**WORK REQUEST:**
Return all the data exactly, keeping the pictures out.

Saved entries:
- - - - - - -
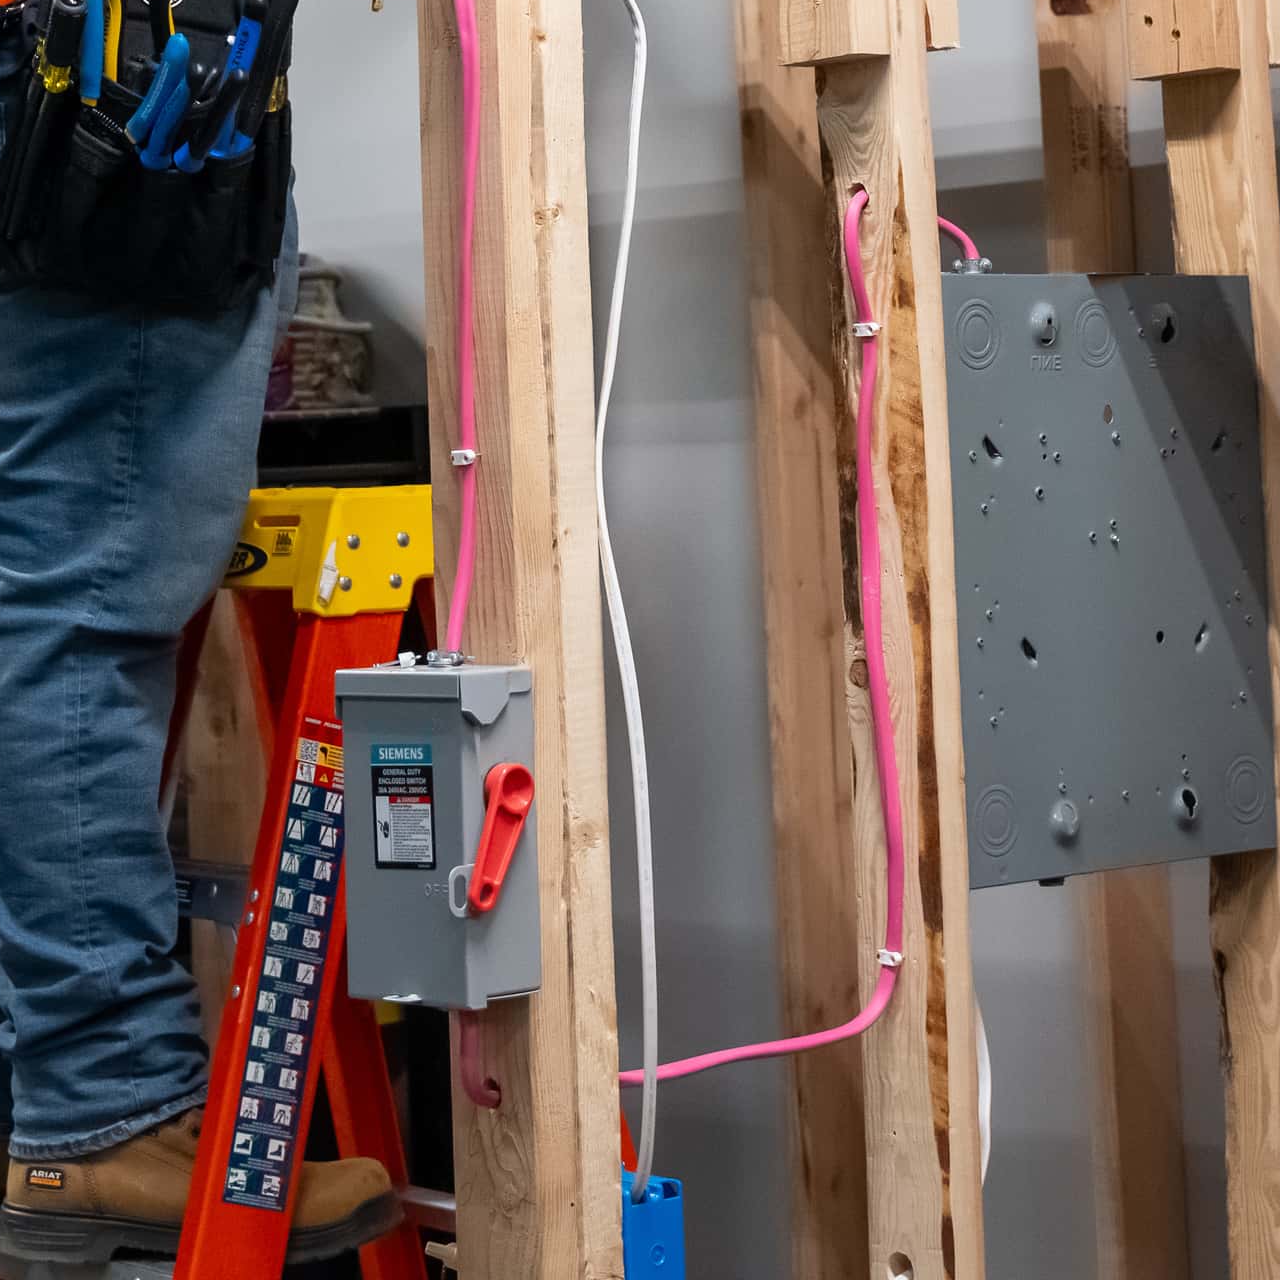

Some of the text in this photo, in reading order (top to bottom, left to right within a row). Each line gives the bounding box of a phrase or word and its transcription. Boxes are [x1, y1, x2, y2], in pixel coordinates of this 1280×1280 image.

[378, 747, 424, 760] SIEMENS
[382, 768, 421, 776] GENERAL DUTY
[378, 777, 426, 785] ENCLOSED SWITCH
[31, 1170, 62, 1180] ARIAT
- - - - - - -
**RESPONSE TO THIS TASK:**
Some of the text in this photo, in reading order (top to bottom, left to right within a row). Each line gives the bounding box of a phrase or word and its transcription. Boxes are [x1, y1, x2, y2], in pixel coordinates of this 1280×1280 image.

[378, 747, 424, 760] SIEMENS
[382, 768, 421, 776] GENERAL DUTY
[378, 777, 426, 785] ENCLOSED SWITCH
[31, 1170, 62, 1180] ARIAT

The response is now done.